In one embodiment, multiple tests on different aspects of a corrosion inhibitor may be carried out in order to determine the full compatibility of a given corrosion inhibitor in a given fluid environment. For example, one or more tests comprising partitioning of chemical species to the hydrocarbon, or aqueous phase; their interaction with other production chemicals; or the parasitisation of the chemical to solids. In another embodiment, a user may wish to investigate only one, or a selection of, aspect of a corrosion inhibitor. For example, one or more tests selected from a list consisting of the partitioning of chemical species to the hydrocarbon, or aqueous phase; their interaction with other production chemicals; or the parasitisation of the chemical to solids.


In an alternative embodiment, tests on additional fluid additives may be carried out in order to determine which additional fluid additives are suitable for use with a particular corrosion inhibitor, in a given fluid environment. This is advantageous in circumstances where the user has no flexibility in the choice of corrosion inhibitor used in the fluid environment.

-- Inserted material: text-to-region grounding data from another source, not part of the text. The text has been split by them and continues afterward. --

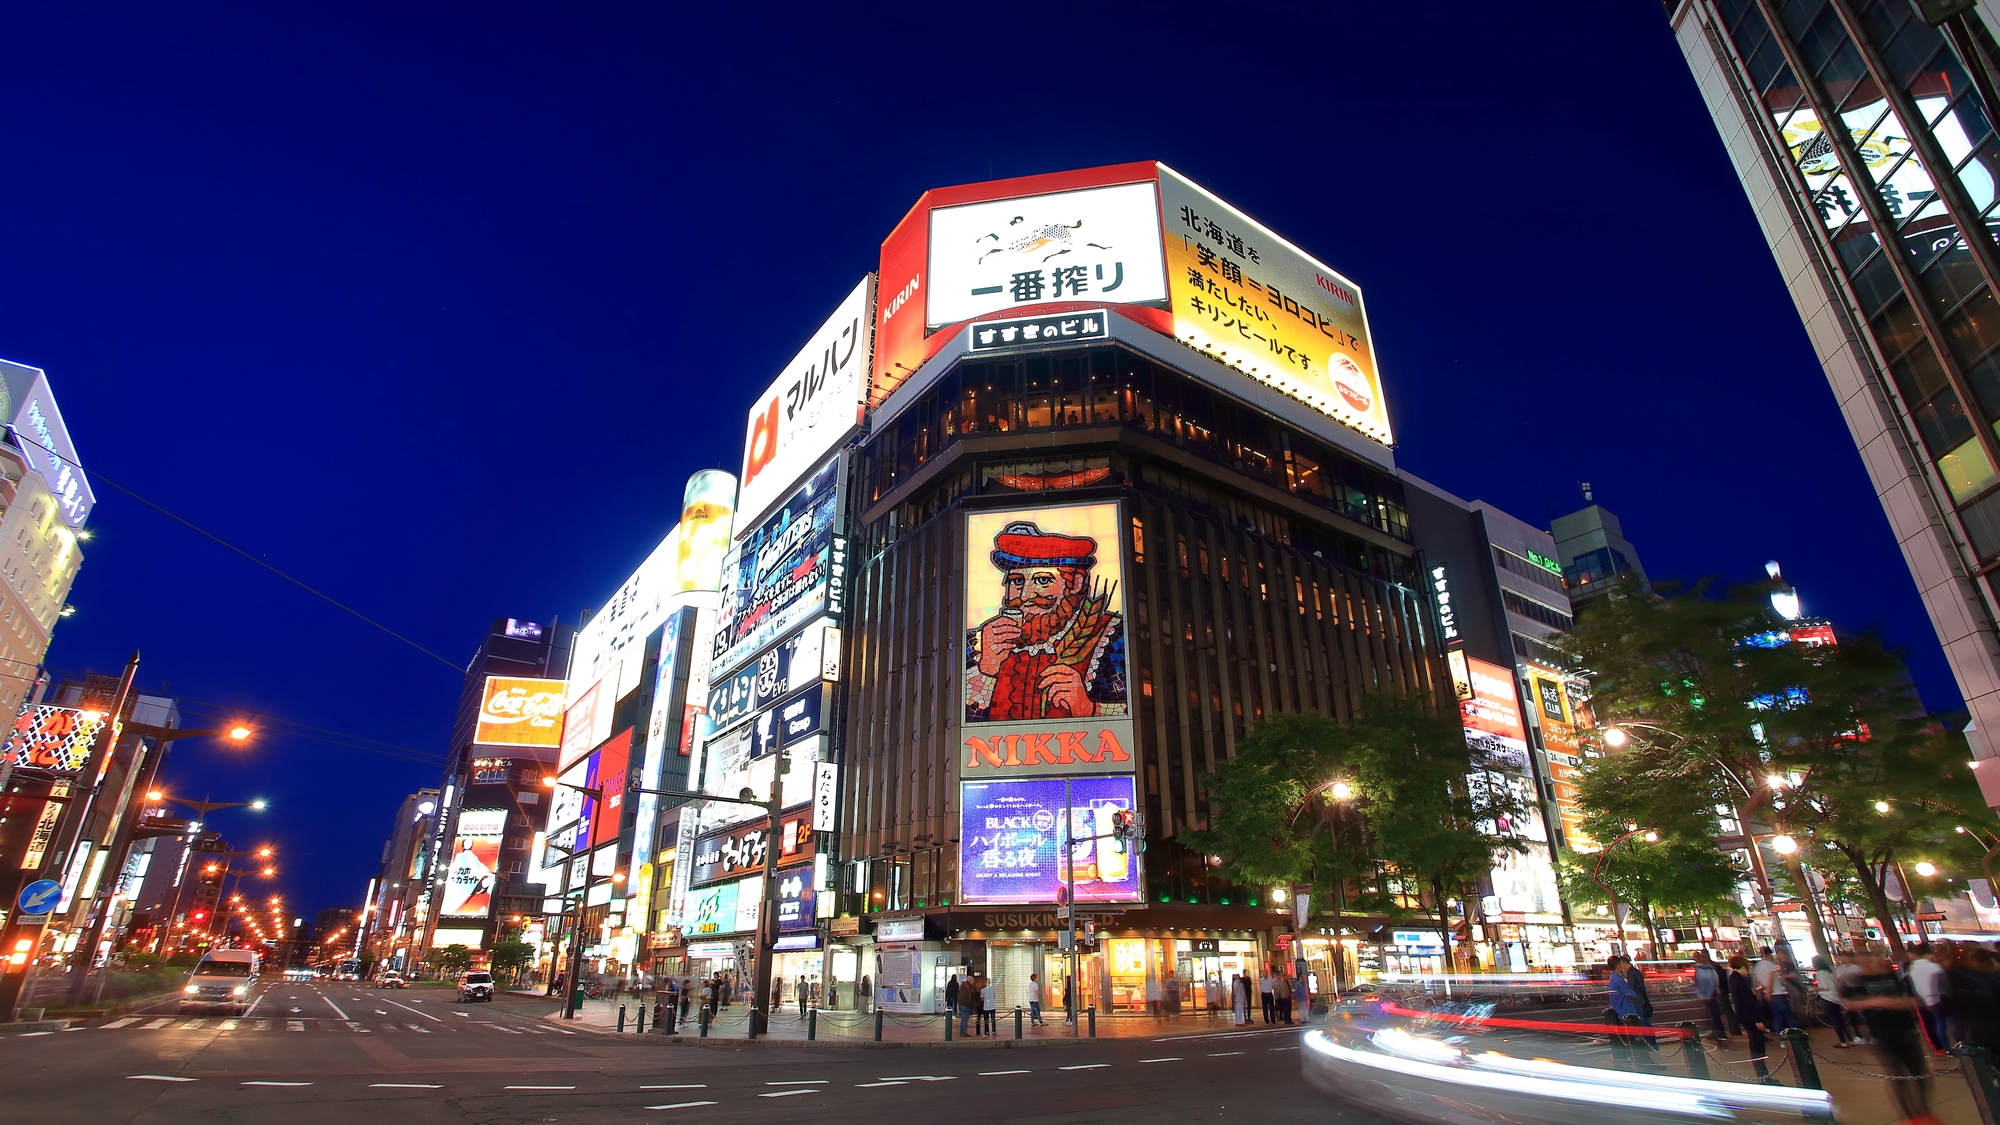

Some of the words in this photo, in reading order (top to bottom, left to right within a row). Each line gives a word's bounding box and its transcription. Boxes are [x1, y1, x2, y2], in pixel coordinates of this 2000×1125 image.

[1179, 204, 1260, 266] 北海道を
[883, 273, 921, 324] KIRIN
[971, 262, 1123, 302] 一番搾り
[1187, 267, 1278, 331] 満たしたい、
[1315, 272, 1355, 307] KIRIN
[978, 317, 1099, 345] すすきのビル
[1190, 296, 1319, 377] キリンビールです。
[787, 317, 858, 422] マルハン
[828, 537, 847, 614] すすきのビル
[1432, 566, 1458, 639] すすきのビル
[487, 690, 567, 717] Coca-Cola
[772, 679, 788, 698] EVE
[29, 711, 75, 764] かに
[965, 729, 1131, 768] NIKKA
[463, 823, 499, 832] docomo
[798, 823, 811, 844] 2F
[969, 832, 1048, 849] ハイボール
[985, 816, 1032, 830] BLACK
[980, 849, 1038, 869] 香る夜

In one embodiment, the presence of micelle in the fluid sample may be determined by adding marker solution comprising an optically detectable marker in which the marker solution is a single reagent that produces an optically detectable signal. Examples of the types of reactions used as the marker solution to generate an optical signal include fluorgenic, chromogenic, luminescent, infrared or Raman-active. The optical signal may be detected using fluorescence, chemiluminescence, colourimetry or UV-visible, IR or Raman spectroscopy or by eye.

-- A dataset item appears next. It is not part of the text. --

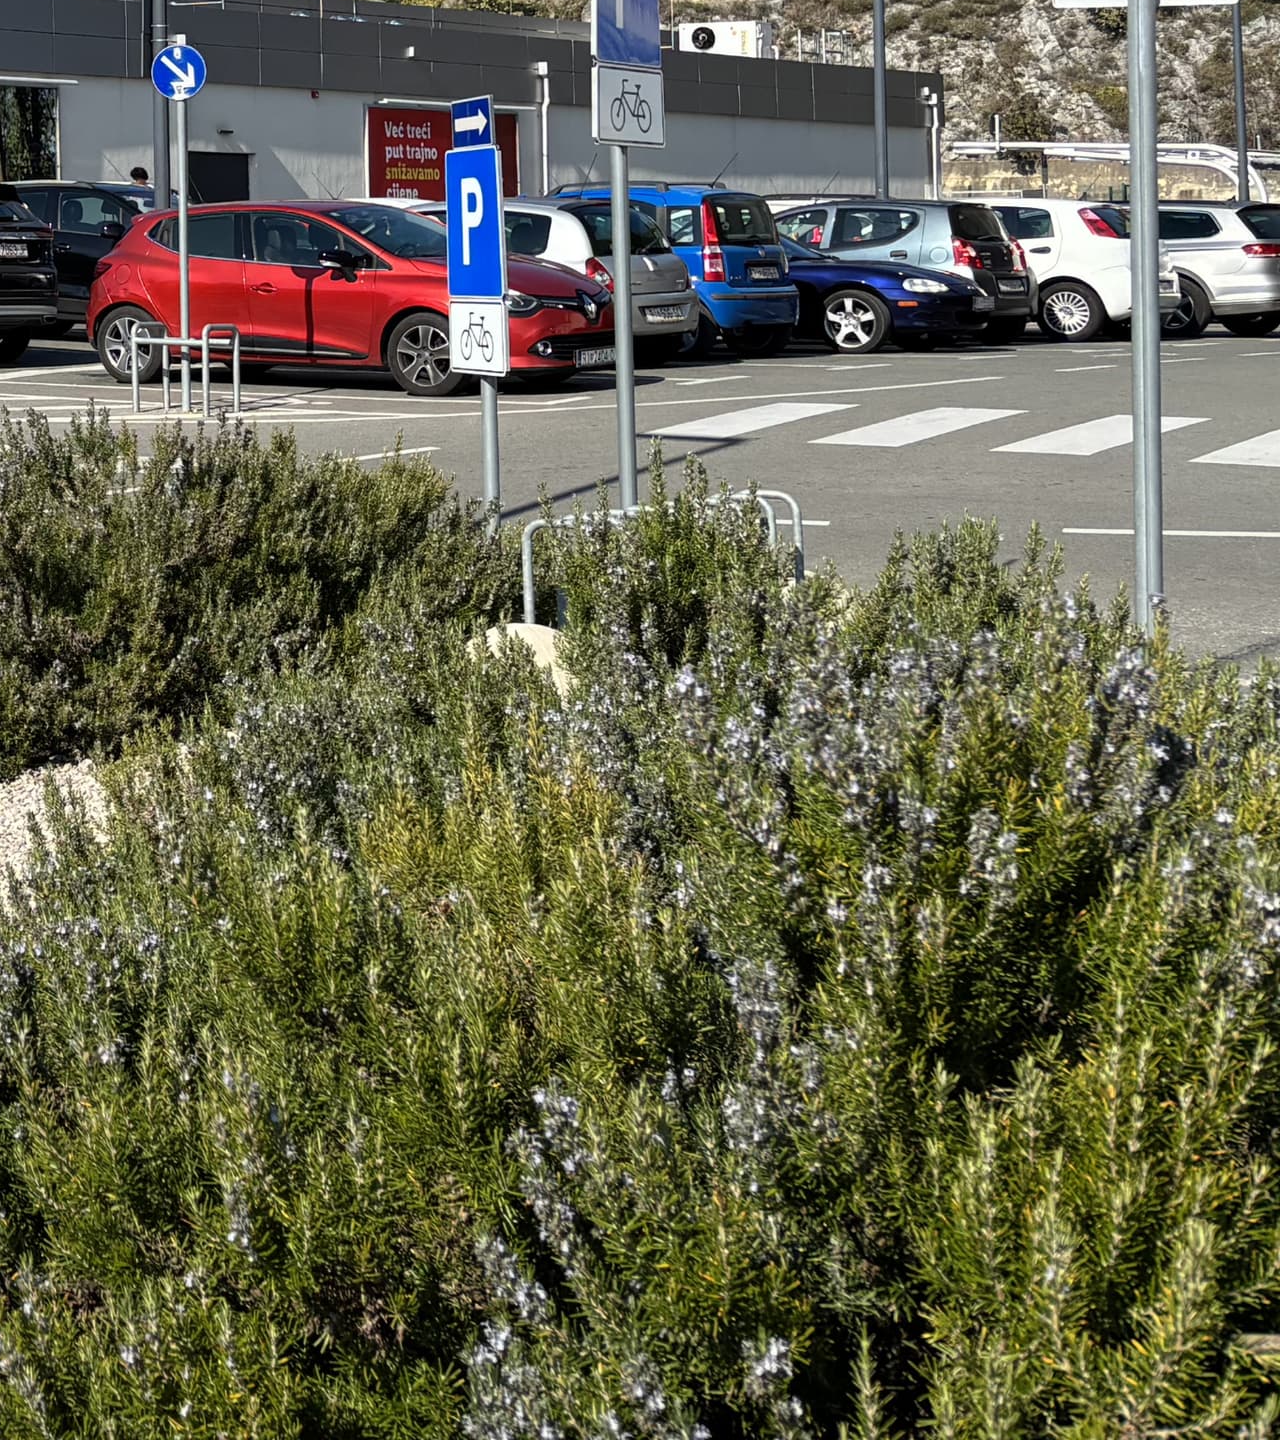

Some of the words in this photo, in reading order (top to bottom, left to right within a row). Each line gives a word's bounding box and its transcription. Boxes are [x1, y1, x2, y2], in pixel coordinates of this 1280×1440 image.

In an alternative embodiment, the presence of micelle in the fluid sample may be determined by adding marker solution comprising an optically detectable marker, in which the marker solution is a combination of a first reagent and a second reagent. In this embodiment the first reagent interacts with the corrosion inhibitor, alone, or in the presence of a second fluid additive, where the interaction may be a reaction or a physical interaction, such as move from hydrophobic to hydrophilic environment, to produce a detectable signal. Examples of the types of detectable signal include fluorogenic, chromogenic, luminescent, infrared or Raman-active. An advantage of using signal detection of the types listed above is that detection can be instantaneous and/or automated, allowing for a high system throughput which in turn reduces running costs.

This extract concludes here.